A questão é que há um terceiro homem atravessado entre os dois candidatos às primárias do PS. Adivinharam, é José Sócrates. O fantasma do passado que ele representa continua a pairar sobre o destino político do Partido Socialista e a alternativa de governo que o vencedor do escrutínio de 28 de Setembro se propõe apresentar ao país. Por coincidência, esse fantasma irrompeu há poucos dias nos bastidores da sentença do processo Face Oculta, através da condenação de alguns notáveis socialistas, como Armando Vara e José Penedos, por tráfico de influências e corrupção.

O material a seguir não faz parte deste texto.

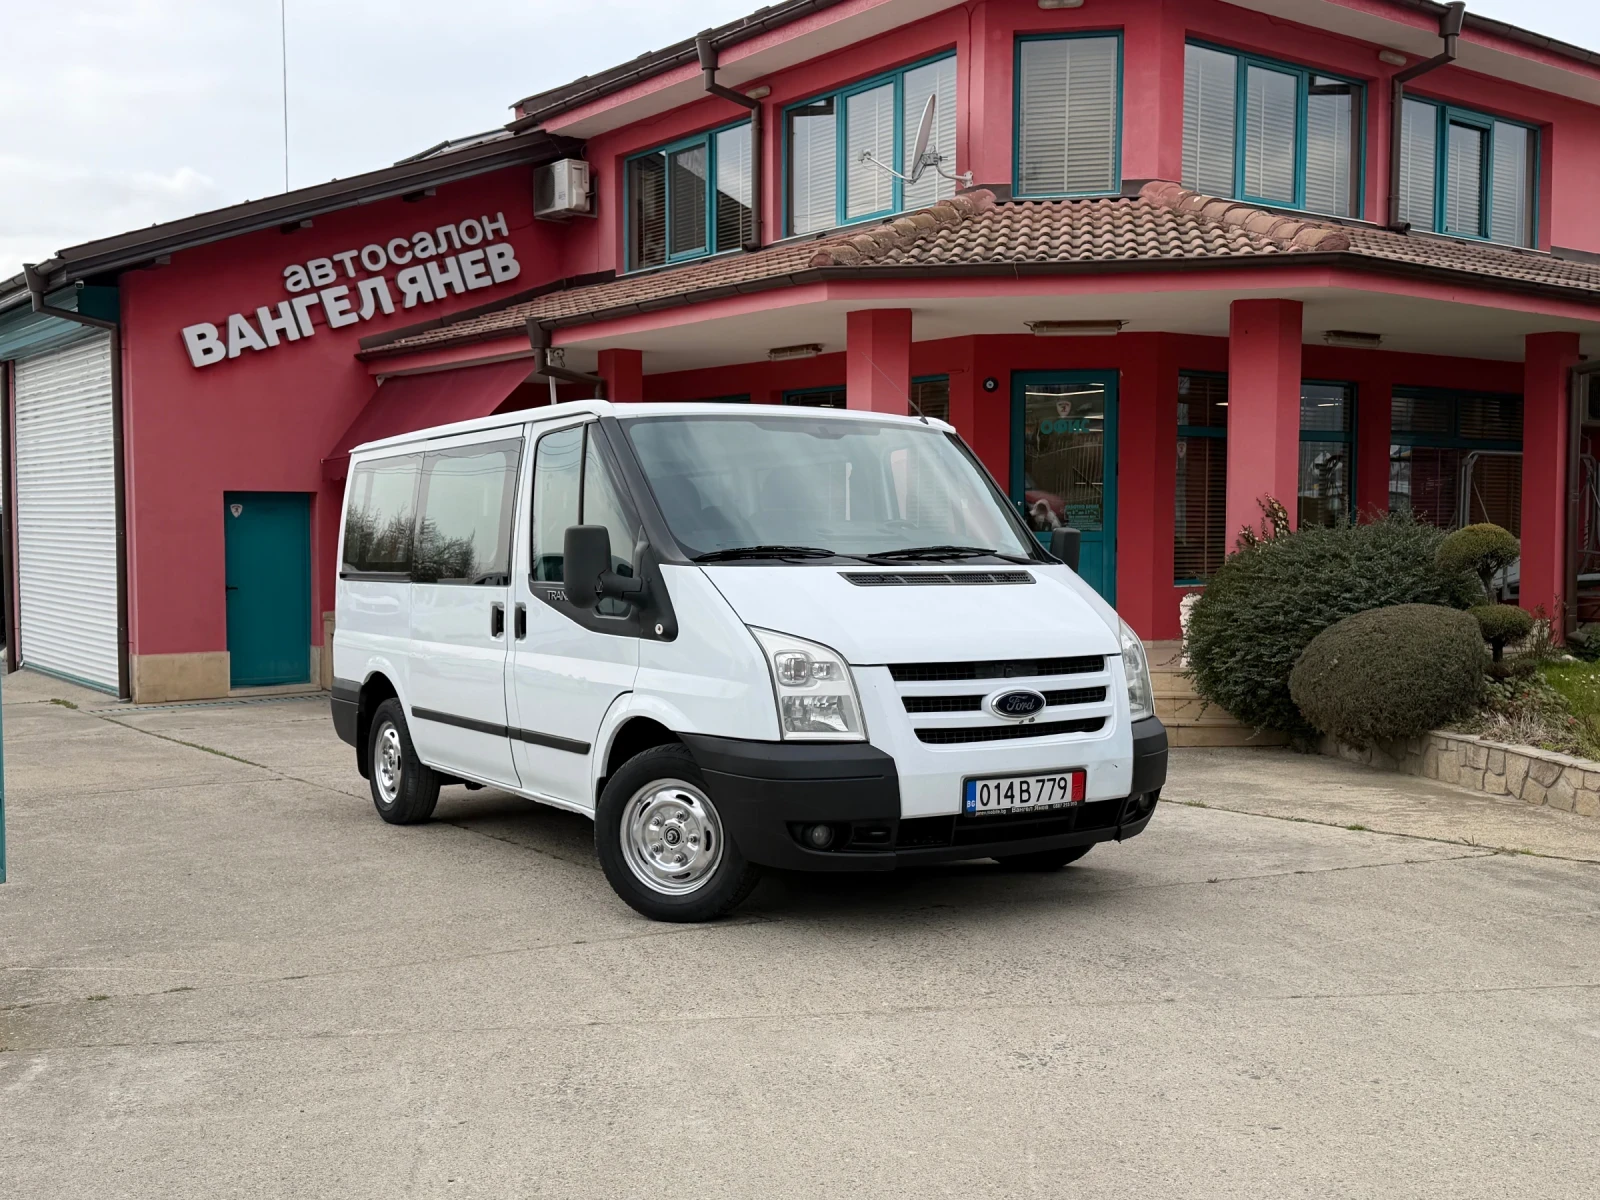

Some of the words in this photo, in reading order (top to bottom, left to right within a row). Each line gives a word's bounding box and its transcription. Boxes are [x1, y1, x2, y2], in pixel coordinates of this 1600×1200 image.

[283, 212, 509, 292] автосалон
[181, 275, 396, 368] ВАНГЕЛ
[396, 242, 521, 309] ЯНЕВ
[1040, 418, 1090, 435] ОФИС
[547, 590, 569, 601] TRAN
[1006, 695, 1035, 711] Ford
[966, 800, 976, 808] BG

Face Oculta não é apenas um fait-divers: dá-nos um retrato dos costumes políticos portugueses que seria demagógico generalizar – ou reduzir a um pecado nacional – mas que, por isso mesmo, não devem ser encarados com cínica condescendência.

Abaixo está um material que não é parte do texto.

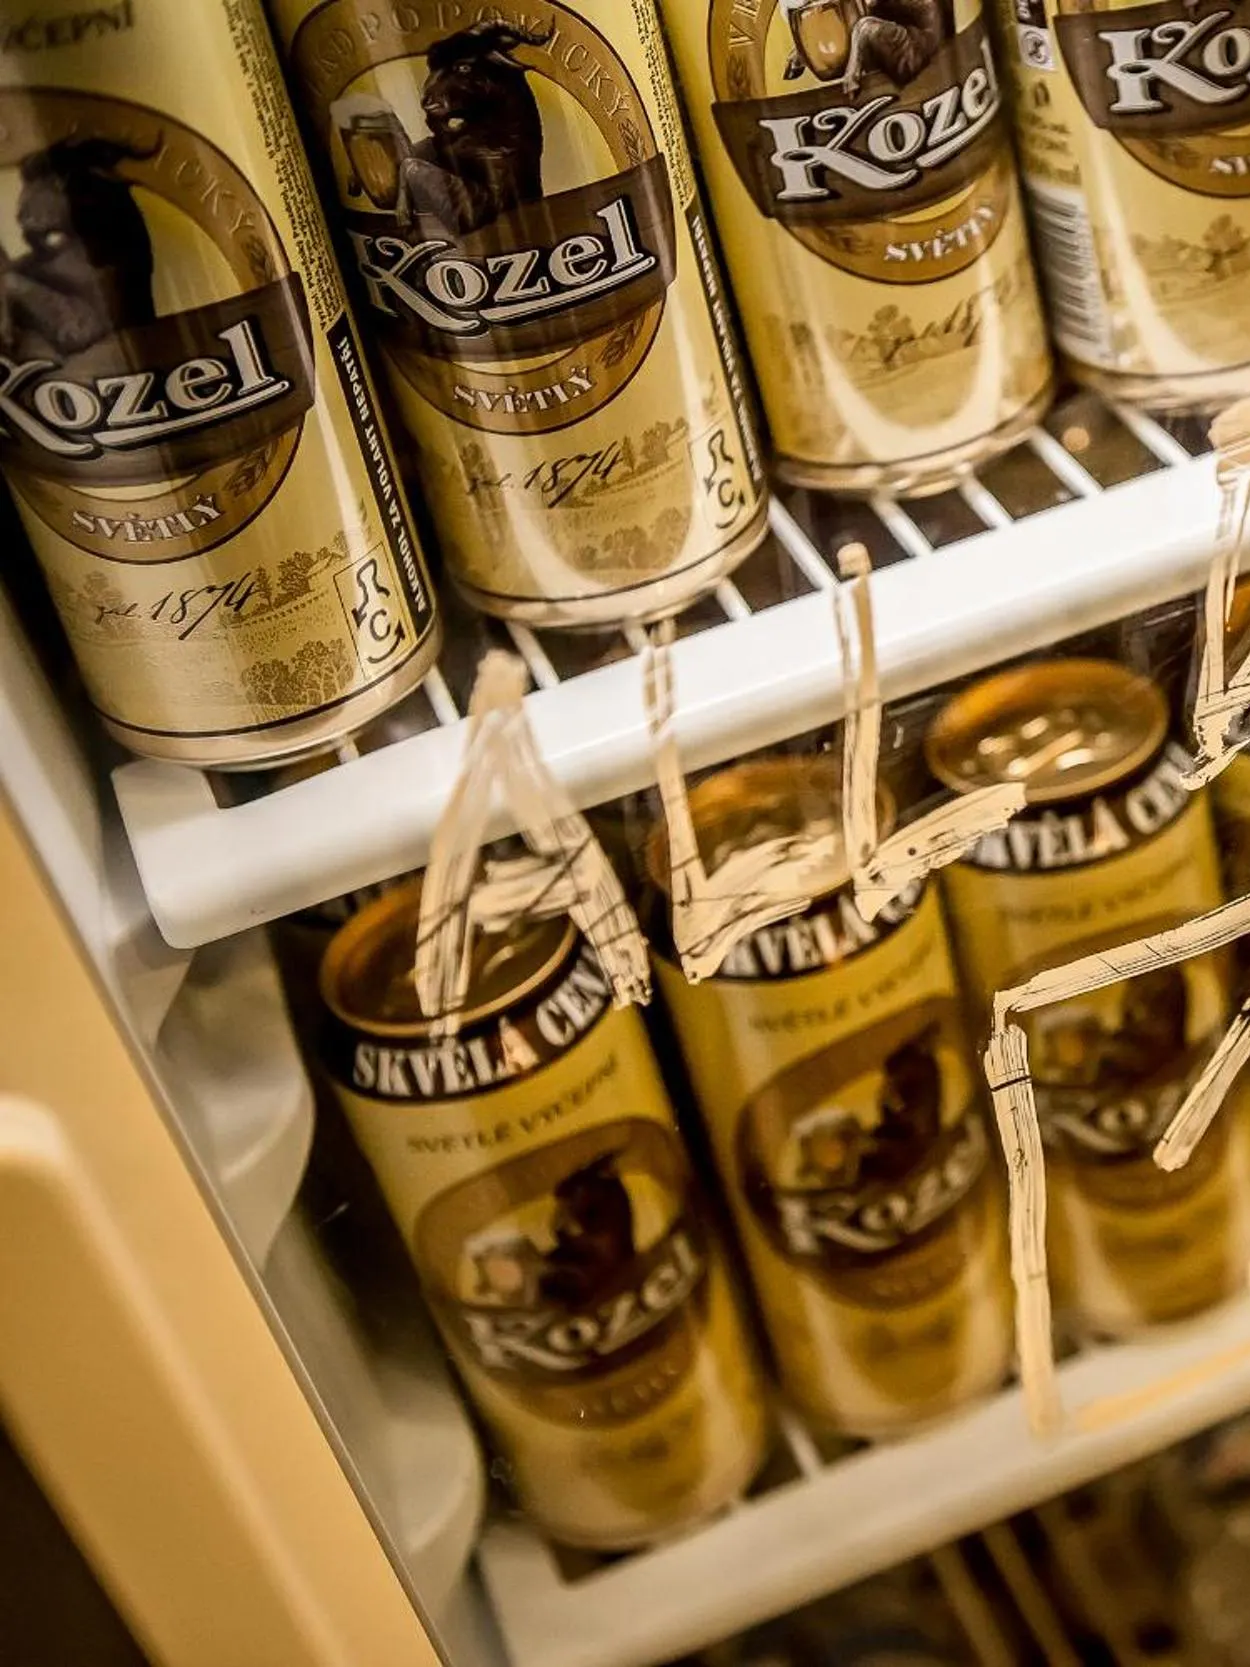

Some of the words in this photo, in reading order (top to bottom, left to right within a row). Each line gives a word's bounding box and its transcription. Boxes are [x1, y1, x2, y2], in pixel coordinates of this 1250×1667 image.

[346, 197, 656, 335] Kozel
[364, 425, 394, 497] VOLANT
[524, 441, 626, 509] 1874
[385, 498, 402, 526] ZA
[150, 571, 262, 641] 1874
[396, 530, 426, 612] ALKOHOL
[413, 541, 1028, 1047] ALL
[535, 943, 612, 1047] CEN

A promiscuidade entre poder político e negócios privados (desde a sucata aos grandes empreendimentos e à banca) foi-se banalizando ao longo do tempo, envolvida num ambiente de indiferença ética ou impunidade criminal que este último processo veio inesperadamente perturbar. 

As práticas subterrâneas do clientelismo afectaram sobretudo, por razões óbvias, os dois maiores partidos, com maior incidência em períodos de maiorias absolutas ou de governação com pendor mais fechado ao escrutínio público (e judicial), como aconteceu, precisamente, durante o consulado de Sócrates.

Seria injusto atribuir a Sócrates a responsabilidade solitária por uma deriva em curso acentuado desde o cavaquismo (recorde-se o rasto deixado pelo BPN). Mas a roda da impunidade foi girando até proporcionar o clima em que a euforia das grandes obras públicas degenerou em negócios ocultos nas mais diversas áreas de actividade – e susceptíveis de atrair o novo-riquismo político e empresarial (como o negócio das sucatas). Sabemos hoje que o monstro do BES tomou a sua forma consumada durante a era socrática, a ponto de tornar-se o símbolo maior desses tempos.

António José Seguro reivindica-se mais distanciado e inocente em relação a essa época, enquanto António Costa – que rejeitara assumir a liderança do PS na sequência da demissão de Ferro Rodrigues, impedindo assim a ascensão de Sócrates – surge claramente comprometido com a última governação socialista (sendo, aliás, apoiado pelo anterior primeiro-ministro nesta disputa). 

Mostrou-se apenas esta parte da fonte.